# Spatial localization data
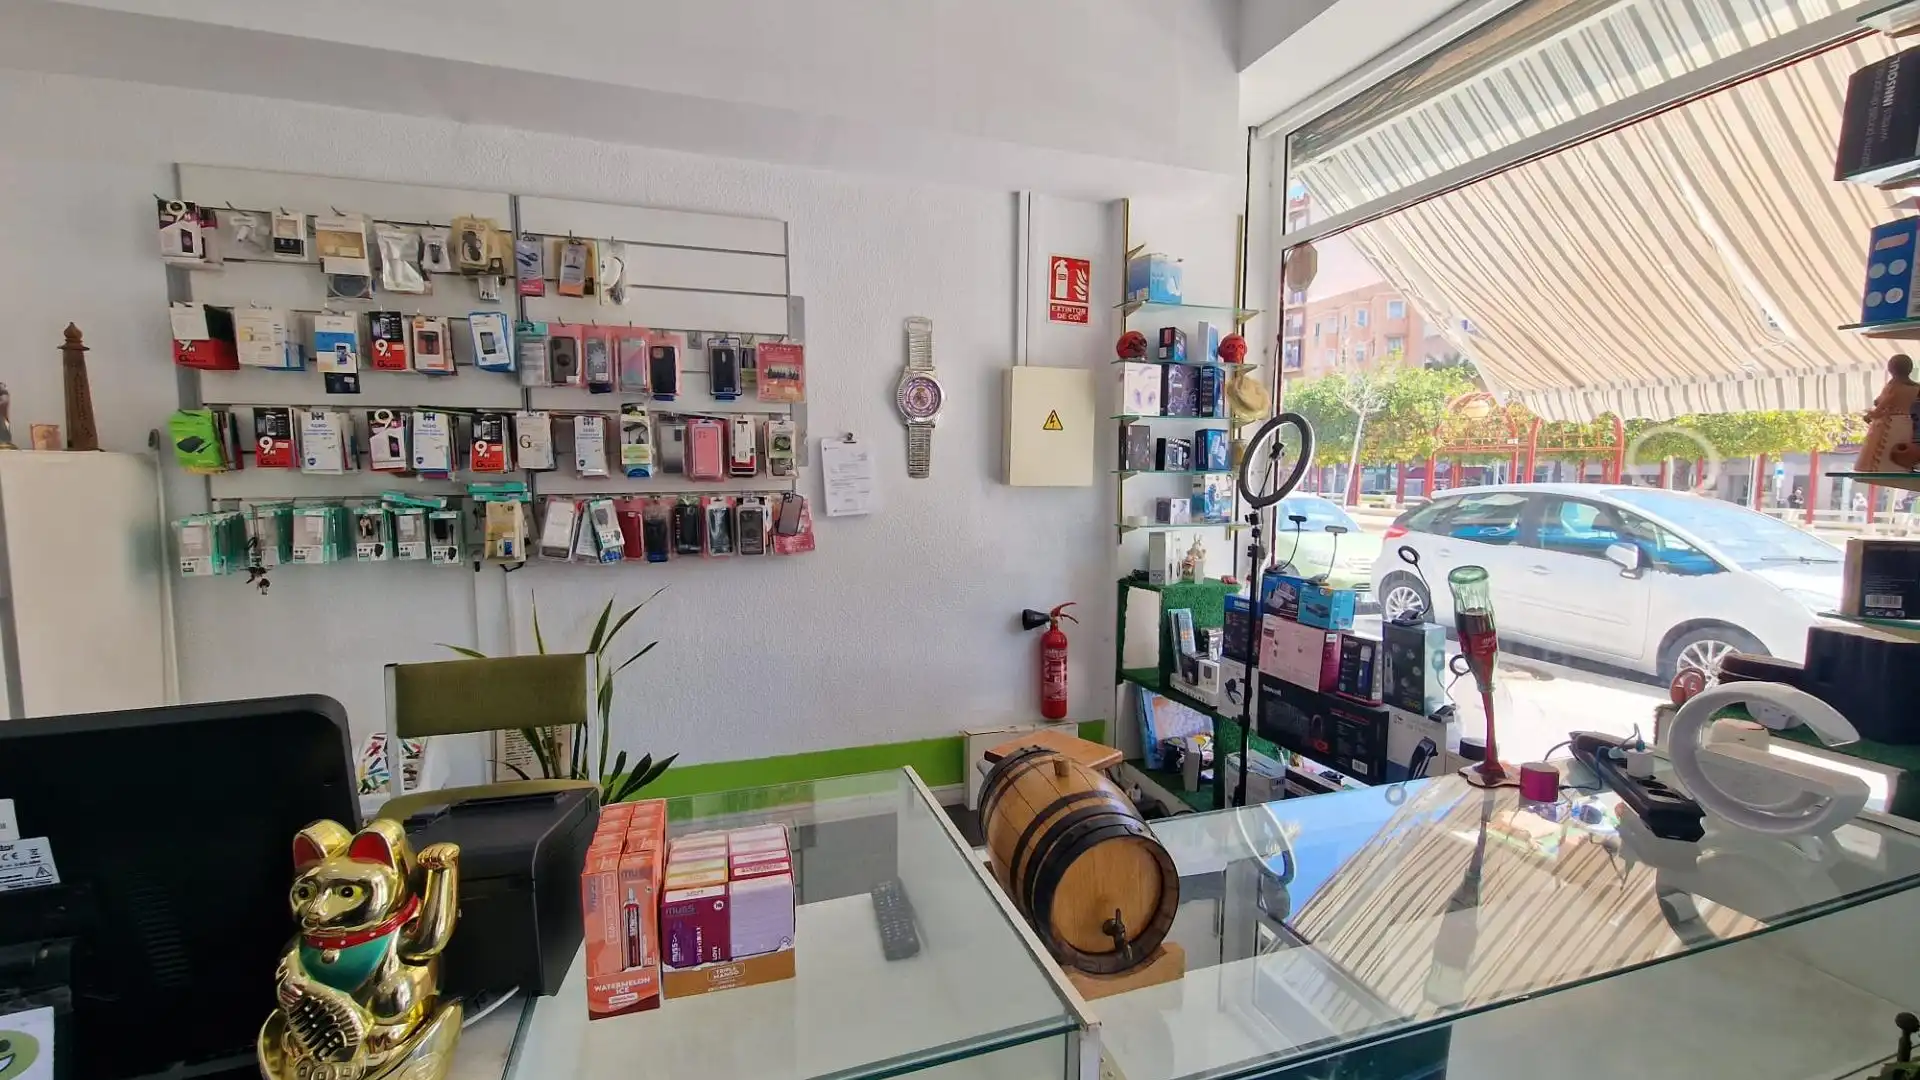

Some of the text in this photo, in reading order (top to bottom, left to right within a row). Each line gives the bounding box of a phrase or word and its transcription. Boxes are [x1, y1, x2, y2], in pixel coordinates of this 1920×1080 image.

[1882, 57, 1900, 107] INNSOUL
[1051, 305, 1087, 315] EXTINTOR
[1056, 312, 1067, 320] DE
[666, 904, 697, 916] muss
[593, 975, 651, 993] WATERMELON
[616, 986, 630, 995] ICE

# What is required
Drop the pictures and reproduce the rest of the data exactly.

# Result below
Some of the text in this photo, in reading order (top to bottom, left to right within a row). Each line gives the bounding box of a phrase or word and its transcription. Boxes are [x1, y1, x2, y2], in pixel coordinates of this 1920×1080 image.

[1882, 57, 1900, 107] INNSOUL
[1051, 305, 1087, 315] EXTINTOR
[1056, 312, 1067, 320] DE
[666, 904, 697, 916] muss
[593, 975, 651, 993] WATERMELON
[616, 986, 630, 995] ICE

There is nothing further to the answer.